Signe de leur engagement actif et volontariste, les SGP n’ont pas approuvé une résolution sur cinq (17% d’opposition et 1% d’abstention) et se sont opposées au moins à une résolution dans 75% des AG françaises et dans plus de 60% des AG étrangères «où le champ des résolutions est plus restreint», rappelle l’AFG. Les tensions concernent principalement les rémunérations des dirigeants, avec 40% de résolutions contestées. Et dans une moindre mesure les opérations financières et les dispositifs anti-OPA avec 26% et 21% des résolutions contestées. En revanche, le taux d’opposition aux nominations d’administrateurs n’est que de 15%. Et l’AFG attend que ses recommandations – notamment sur le nombre de membres libres d’intérêt ou sur le cumul des mandats – soient appliquées.

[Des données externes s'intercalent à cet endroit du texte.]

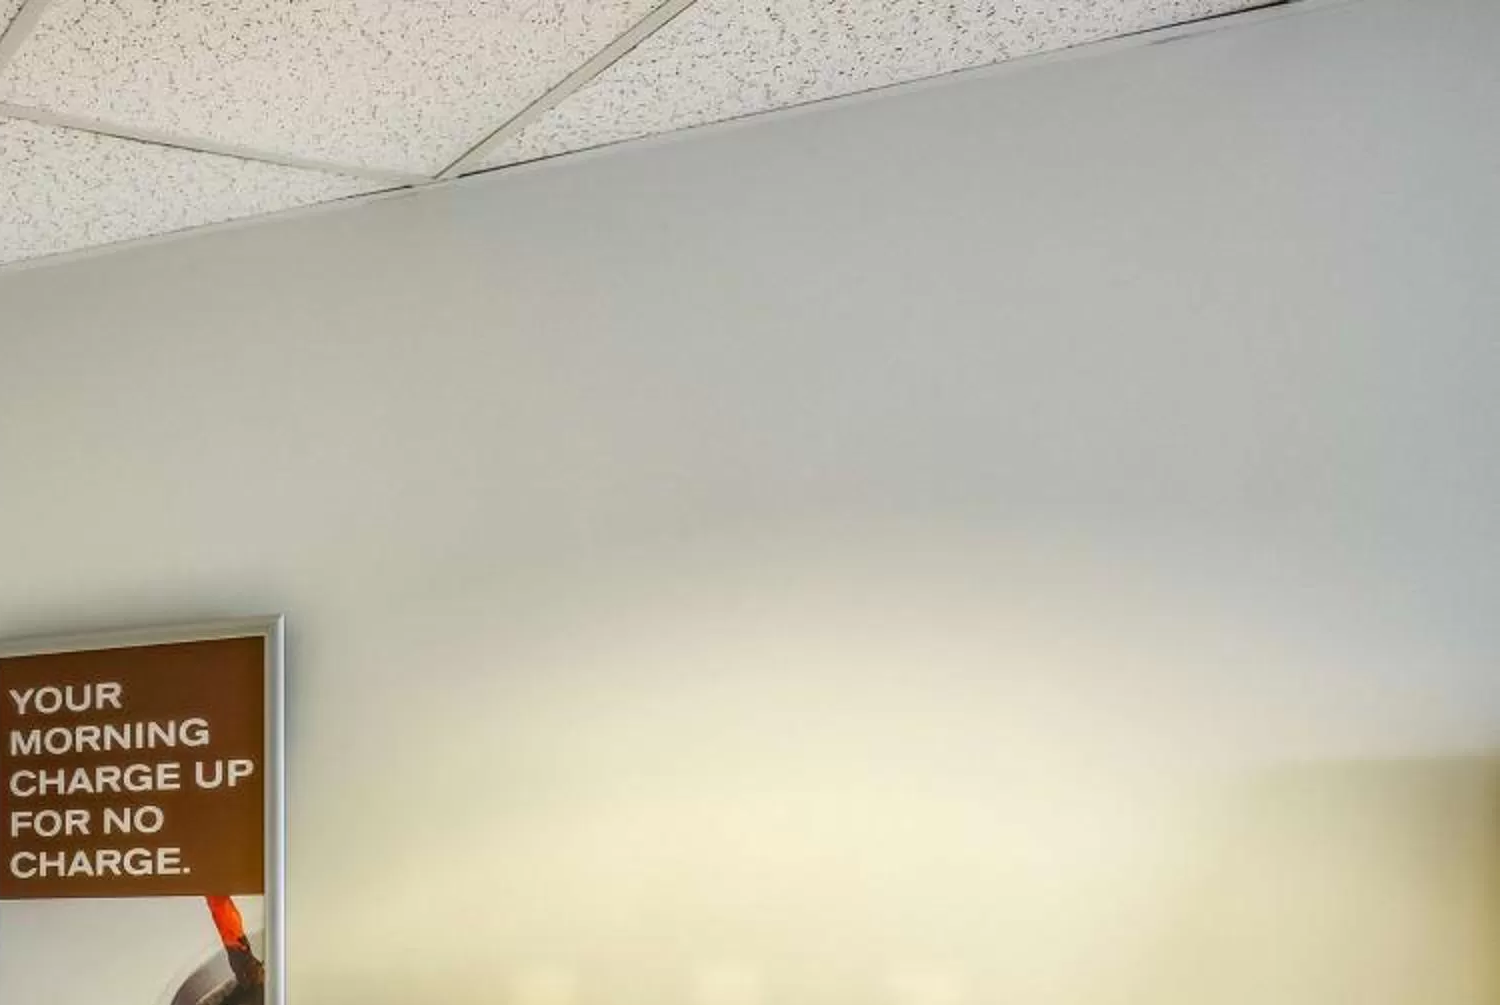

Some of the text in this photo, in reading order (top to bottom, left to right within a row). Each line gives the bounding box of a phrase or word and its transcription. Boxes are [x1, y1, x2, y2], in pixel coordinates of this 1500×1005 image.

[8, 681, 123, 715] YOUR
[9, 717, 209, 756] MORNING
[8, 759, 255, 798] CHARGE UP
[10, 805, 164, 838] FOR NO
[9, 847, 192, 879] CHARGE.
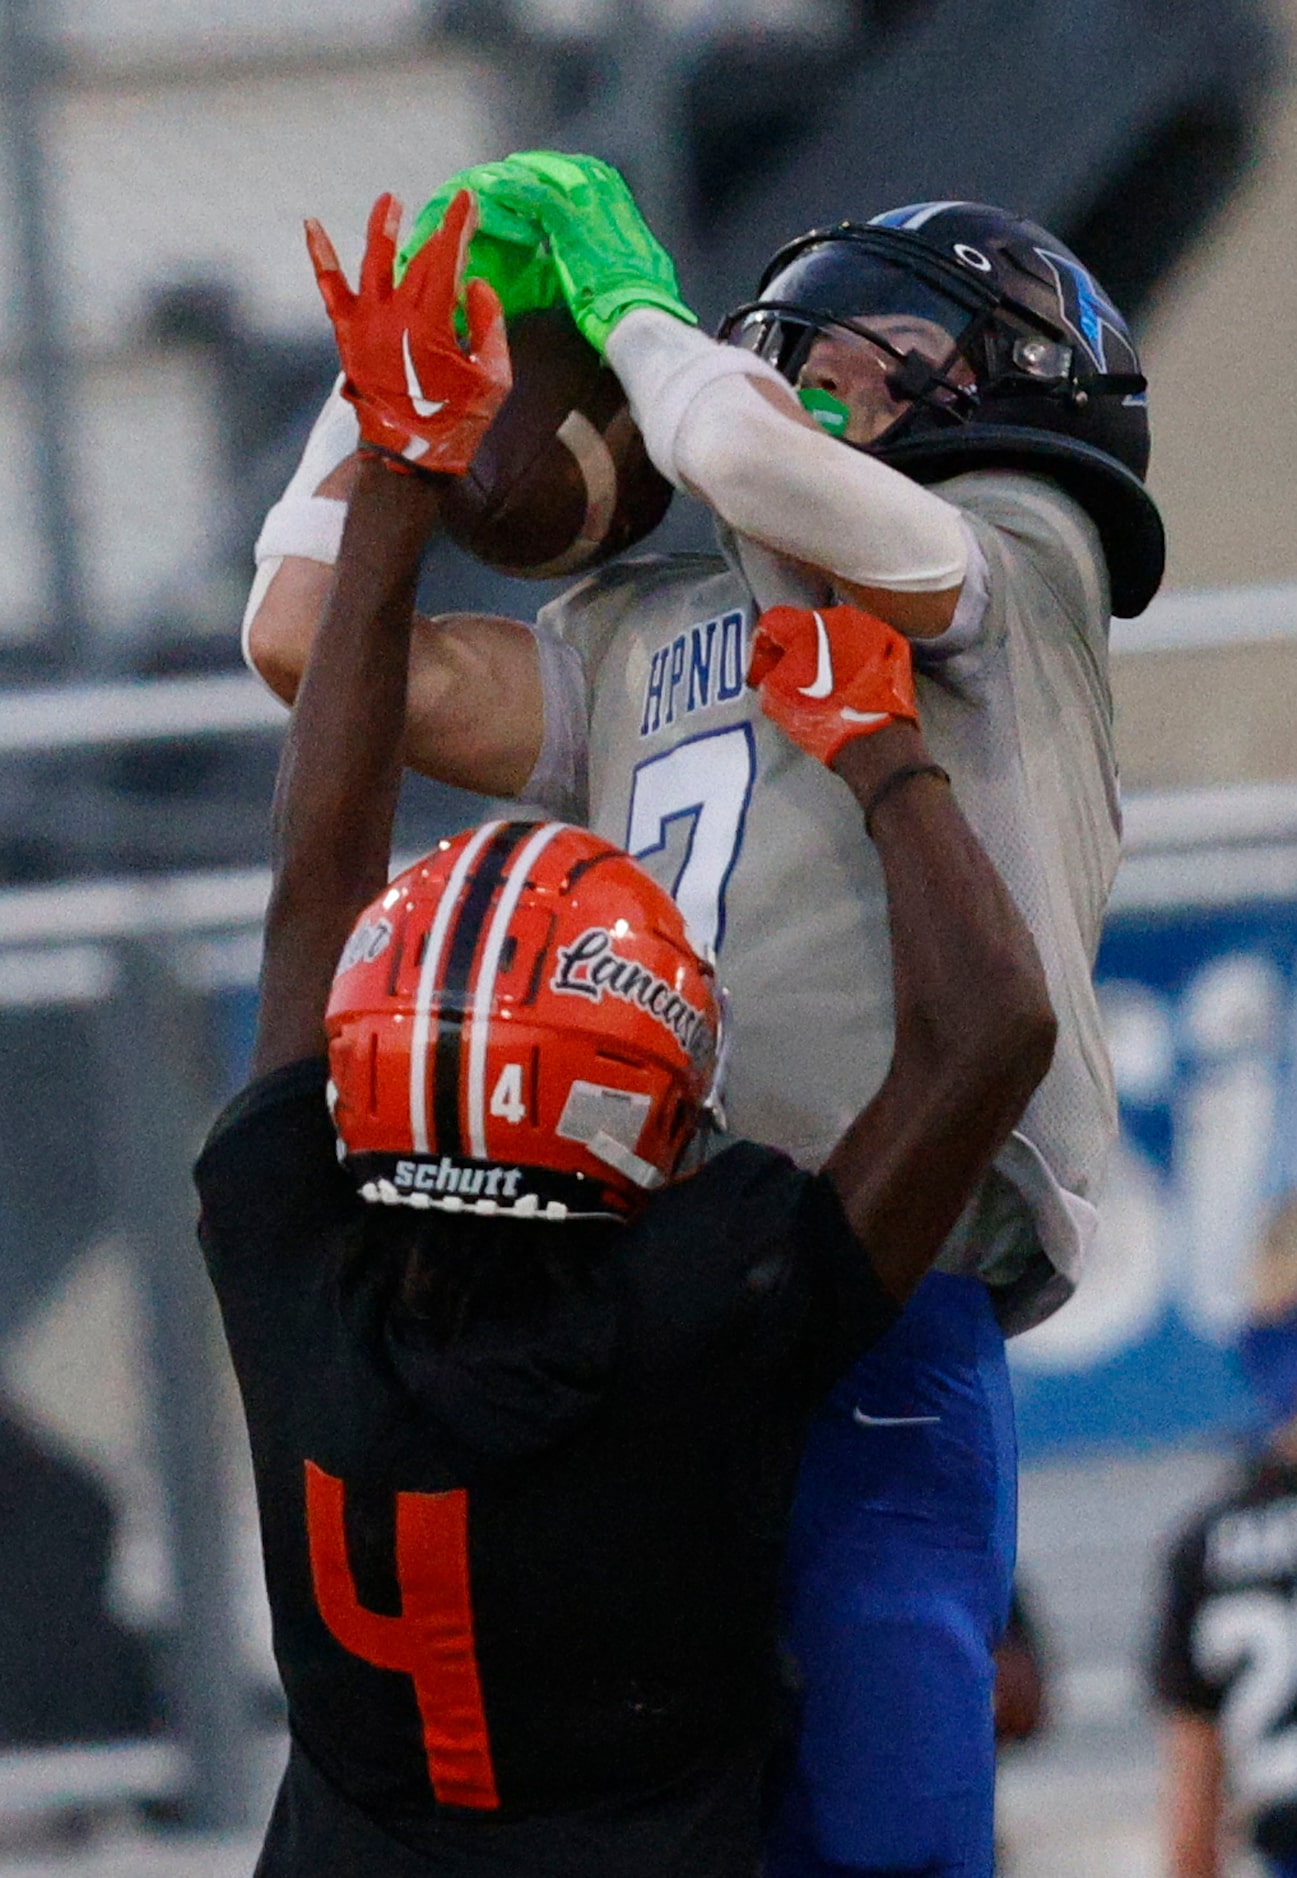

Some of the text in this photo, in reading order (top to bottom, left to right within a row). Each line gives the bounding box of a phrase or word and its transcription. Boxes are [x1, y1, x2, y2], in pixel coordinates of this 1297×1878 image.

[626, 720, 757, 955] 7
[489, 1062, 526, 1124] 4
[394, 1156, 522, 1197] schutt
[304, 1458, 500, 1811] 4
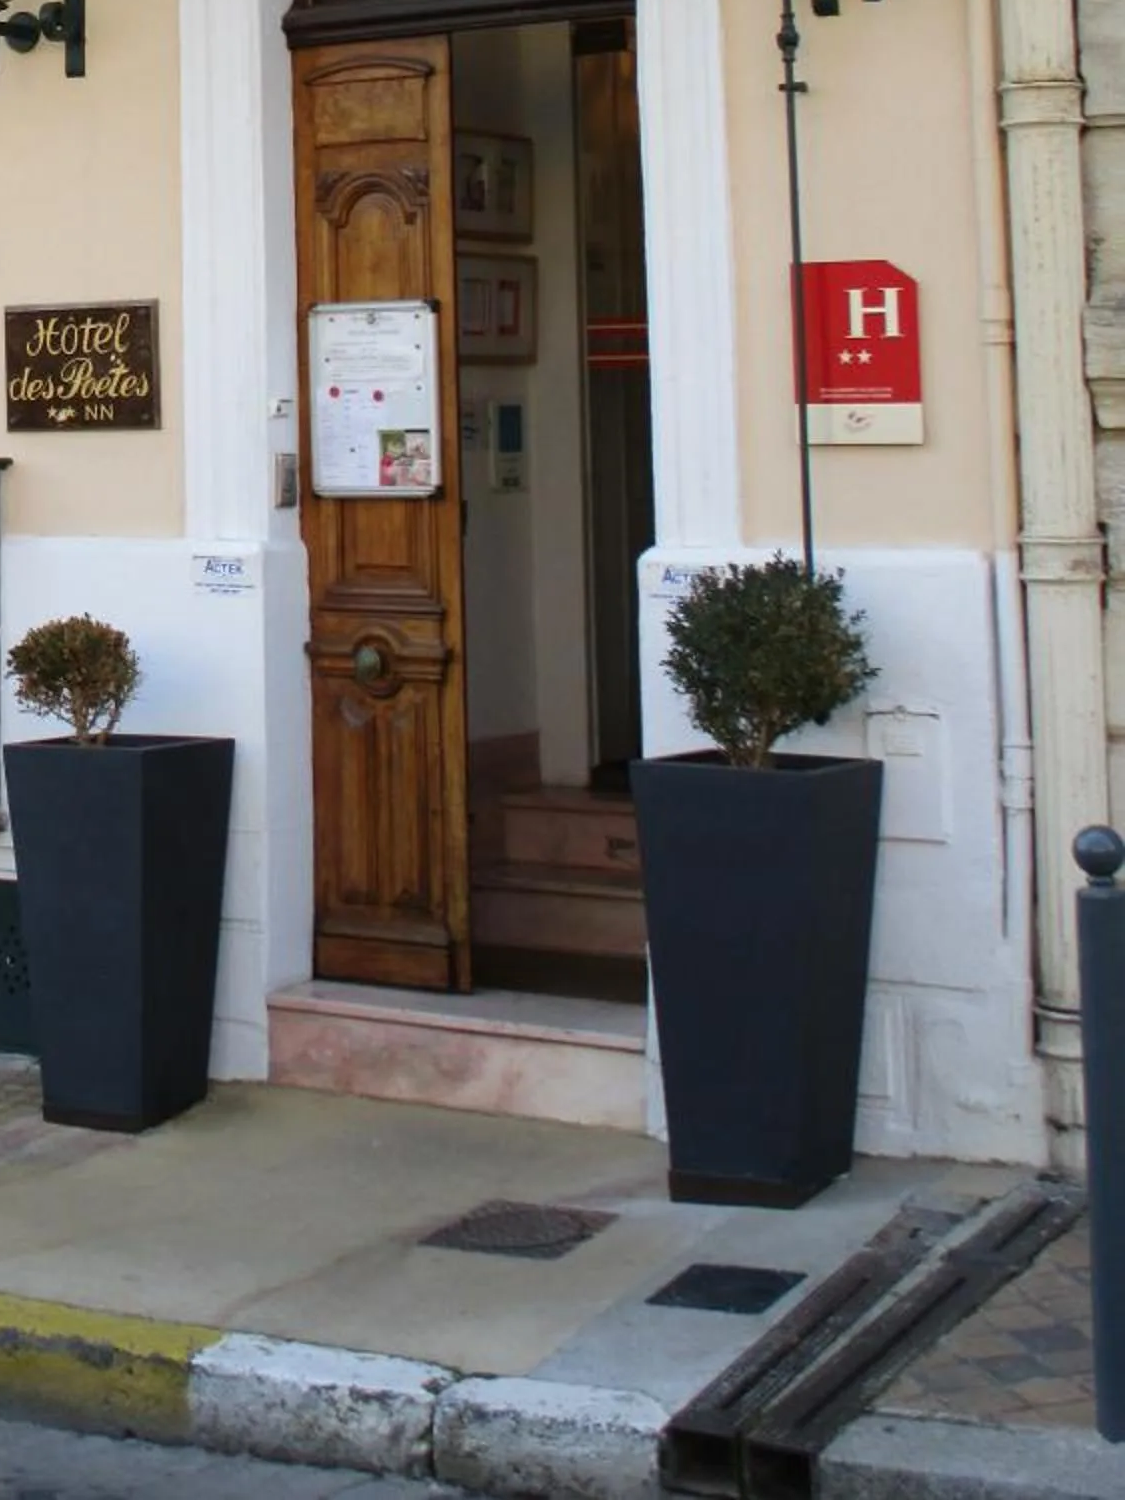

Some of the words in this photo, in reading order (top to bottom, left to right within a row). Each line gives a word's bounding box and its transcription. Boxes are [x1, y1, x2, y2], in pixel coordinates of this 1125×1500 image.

[844, 288, 905, 339] H
[10, 367, 54, 400] des
[84, 404, 114, 420] NN

Un taux d’opposition qui pourrait se réduire à l’avenir puisque la qualité des dialogues entre émetteur et gestion s’améliore, particulièrement en France. D’ailleurs, les gérants expriment une opinion plutôt positive sur la gouvernance et sur la compétence des dirigeants. Seul reproche, l’absence de précision sur les critères d’attribution des actions gratuites et des stock-options.
Les trois quarts des gestions utilisent les services des proxys pour voter aux AG étrangères, mais seulement 60% ont recours à ces agences de vote pour les AG françaises. Les trois quarts utilisent le programme de veille de l’AFG.
L’engagement des gérants ne devrait pas se démentir cette année, surtout en France où la loi Florange vient mettre à mal le principe «une action, une voix», au cœur des recommandations de l’AFG.